Excerpts from a dataset
--
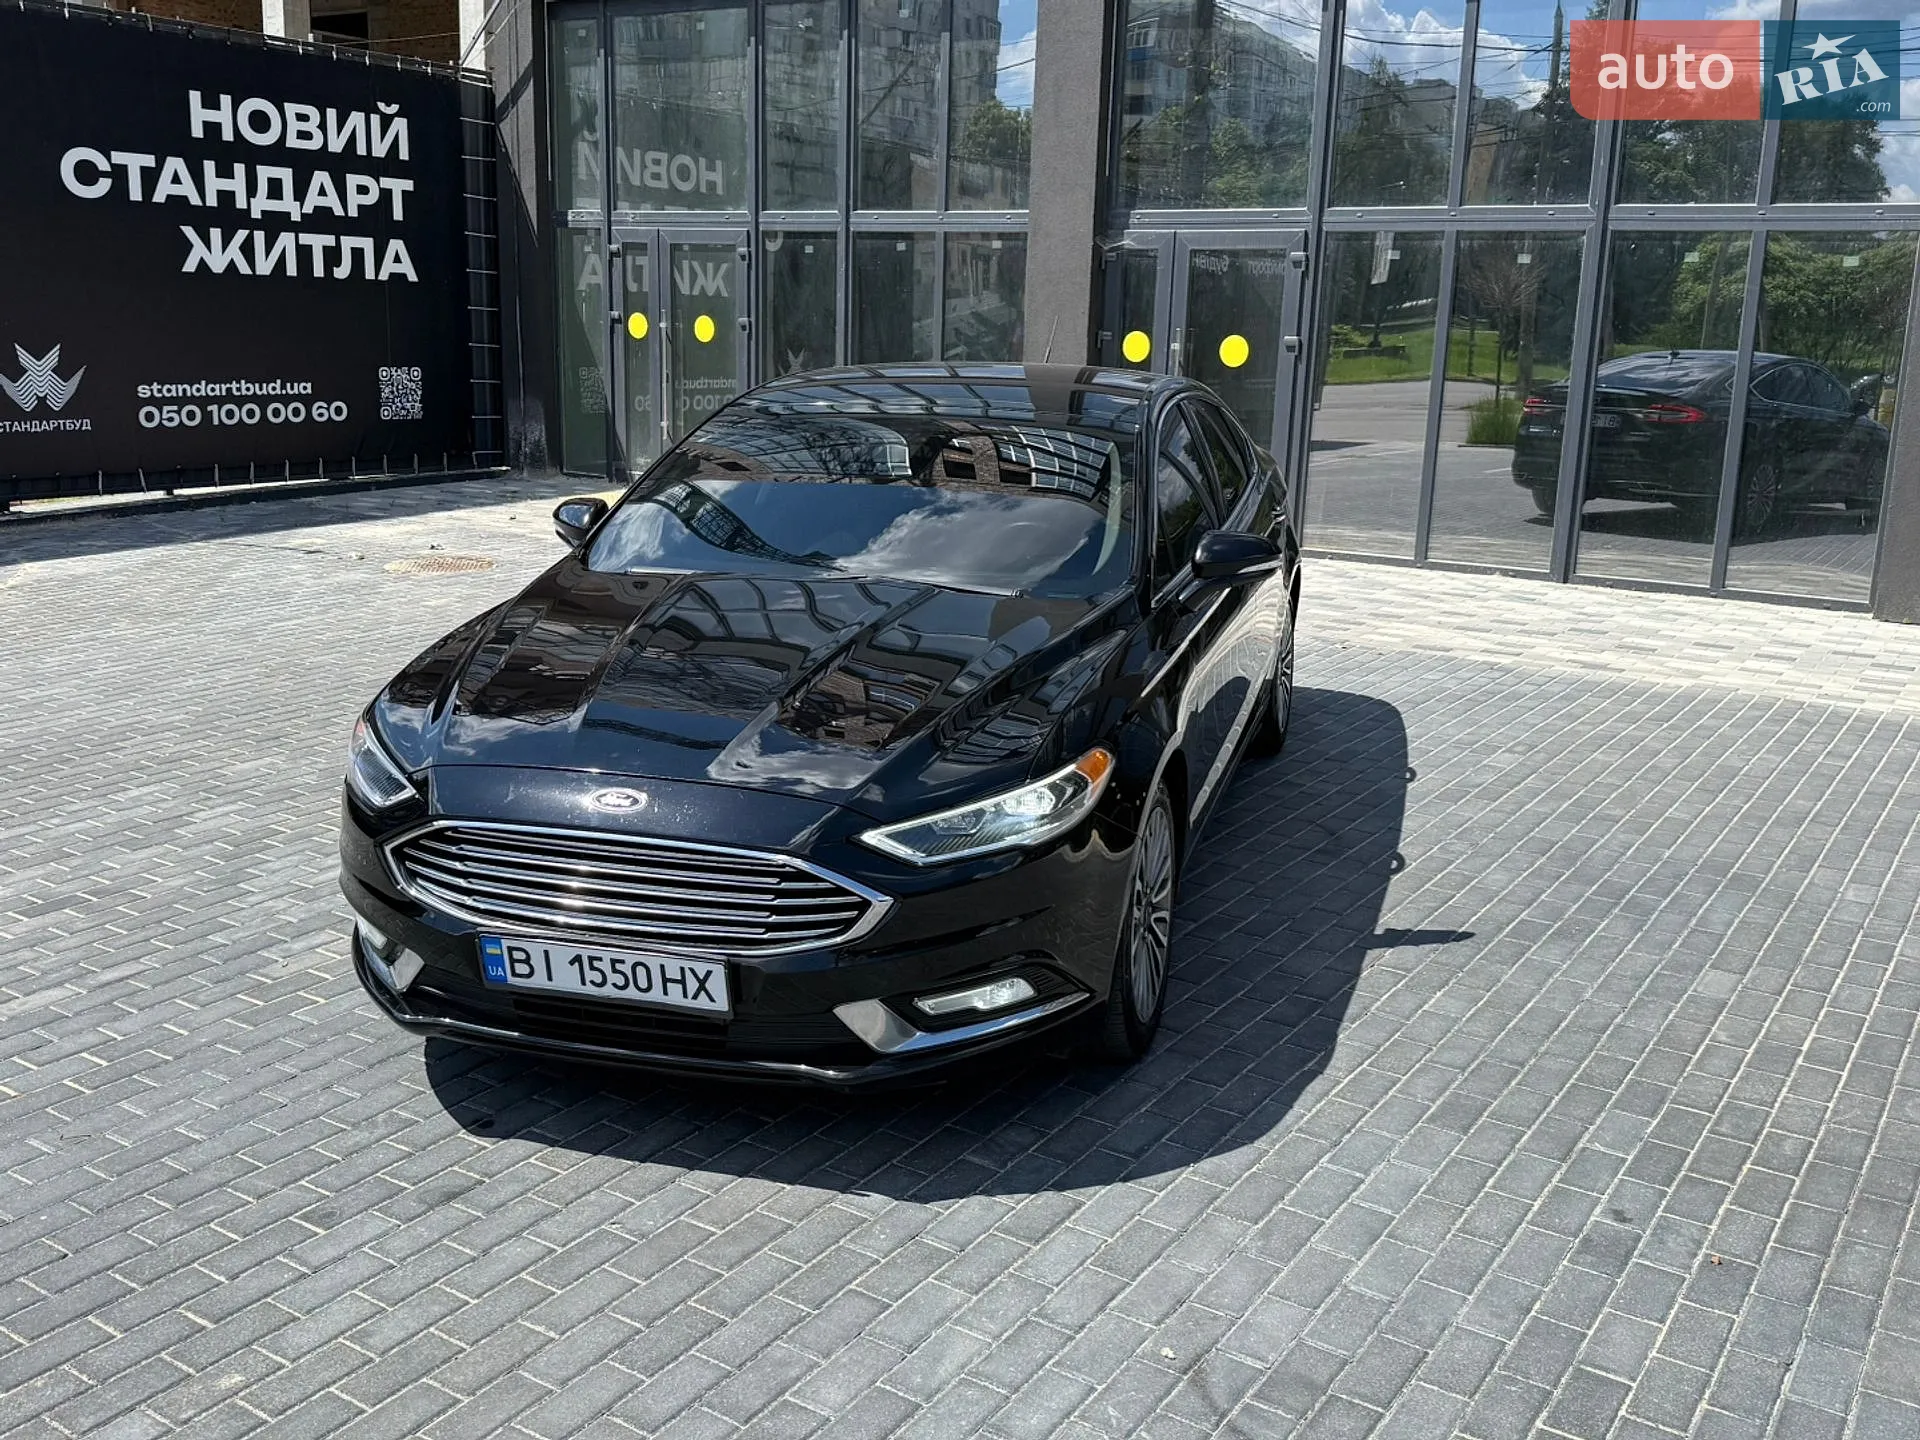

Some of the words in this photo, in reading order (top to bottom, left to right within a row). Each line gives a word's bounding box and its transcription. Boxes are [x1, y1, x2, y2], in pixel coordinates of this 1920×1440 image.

[188, 89, 410, 161] НОВИЙ
[59, 146, 415, 222] СТАНДАРТ
[179, 225, 419, 283] ЖИТЛА
[137, 379, 313, 398] standartbud.ua
[138, 404, 202, 428] 050
[207, 403, 261, 426] 100
[266, 402, 306, 424] 00
[311, 401, 348, 422] 60
[488, 965, 505, 977] UA
[506, 945, 553, 982] BI
[568, 953, 654, 994] 1550
[660, 964, 717, 1004] HX
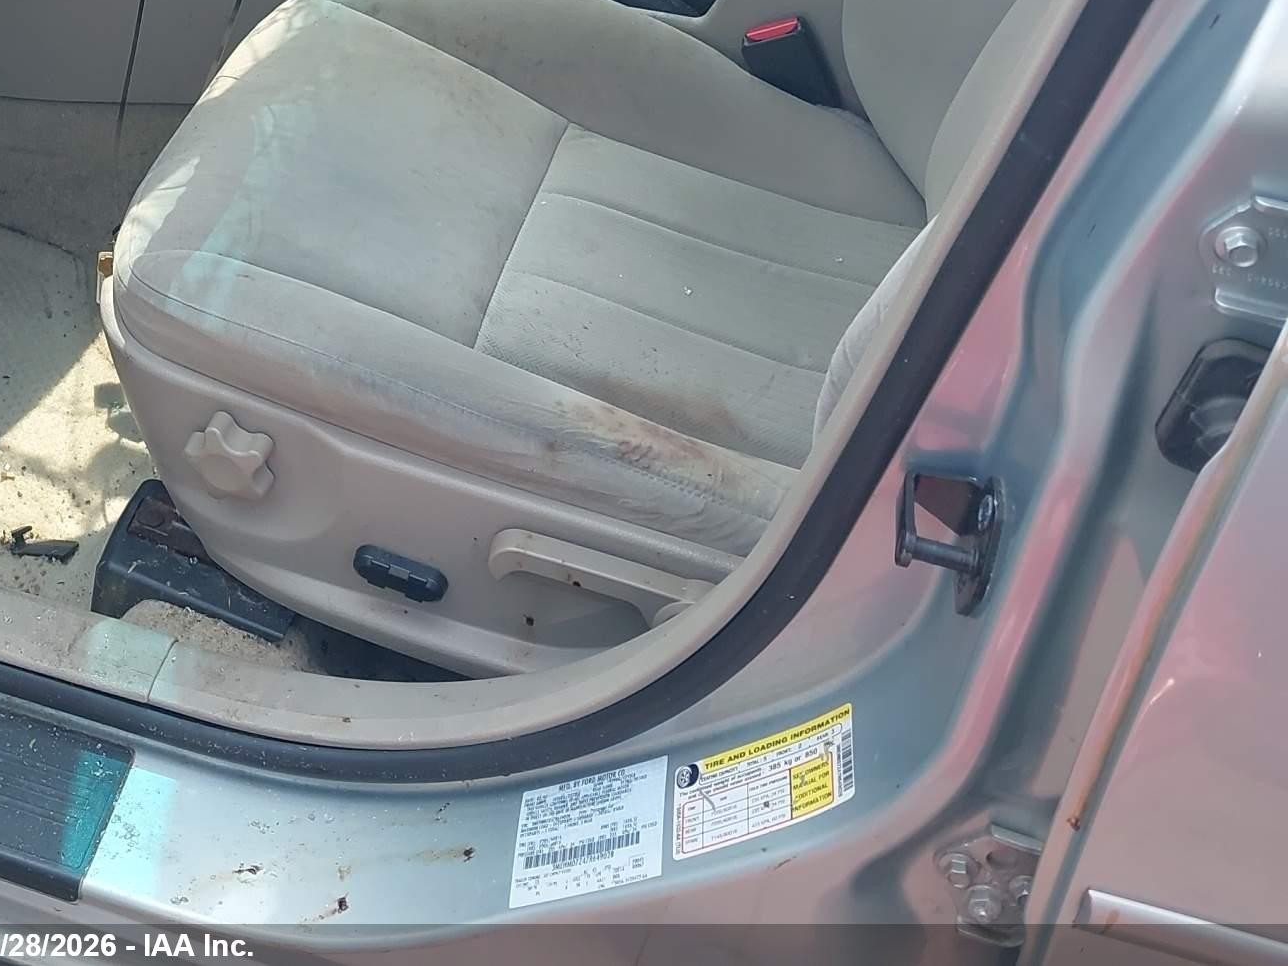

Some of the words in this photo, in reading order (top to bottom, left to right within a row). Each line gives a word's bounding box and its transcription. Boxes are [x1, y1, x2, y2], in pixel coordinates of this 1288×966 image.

[705, 758, 725, 770] TIRE
[728, 752, 746, 762] AND
[749, 736, 788, 754] LOADING
[791, 708, 850, 740] INFORMATION
[769, 762, 781, 771] 385
[805, 748, 818, 758] 850
[582, 776, 596, 786] FORD
[597, 772, 616, 782] MOTOR
[819, 771, 829, 779] FOR
--
All that is needed is an exact copy of the entries above, minus the pictures.

Some of the words in this photo, in reading order (top to bottom, left to right within a row). Each line gives a word's bounding box and its transcription. Boxes are [x1, y1, x2, y2], in pixel coordinates of this 1920×1440 image.

[188, 89, 410, 161] НОВИЙ
[59, 146, 415, 222] СТАНДАРТ
[179, 225, 419, 283] ЖИТЛА
[137, 379, 313, 398] standartbud.ua
[138, 404, 202, 428] 050
[207, 403, 261, 426] 100
[266, 402, 306, 424] 00
[311, 401, 348, 422] 60
[488, 965, 505, 977] UA
[506, 945, 553, 982] BI
[568, 953, 654, 994] 1550
[660, 964, 717, 1004] HX

Some of the words in this photo, in reading order (top to bottom, left to right within a row). Each line gives a word's bounding box and its transcription. Boxes are [x1, y1, x2, y2], in pixel coordinates of this 1288×966 image.

[705, 758, 725, 770] TIRE
[728, 752, 746, 762] AND
[749, 736, 788, 754] LOADING
[791, 708, 850, 740] INFORMATION
[769, 762, 781, 771] 385
[805, 748, 818, 758] 850
[582, 776, 596, 786] FORD
[597, 772, 616, 782] MOTOR
[819, 771, 829, 779] FOR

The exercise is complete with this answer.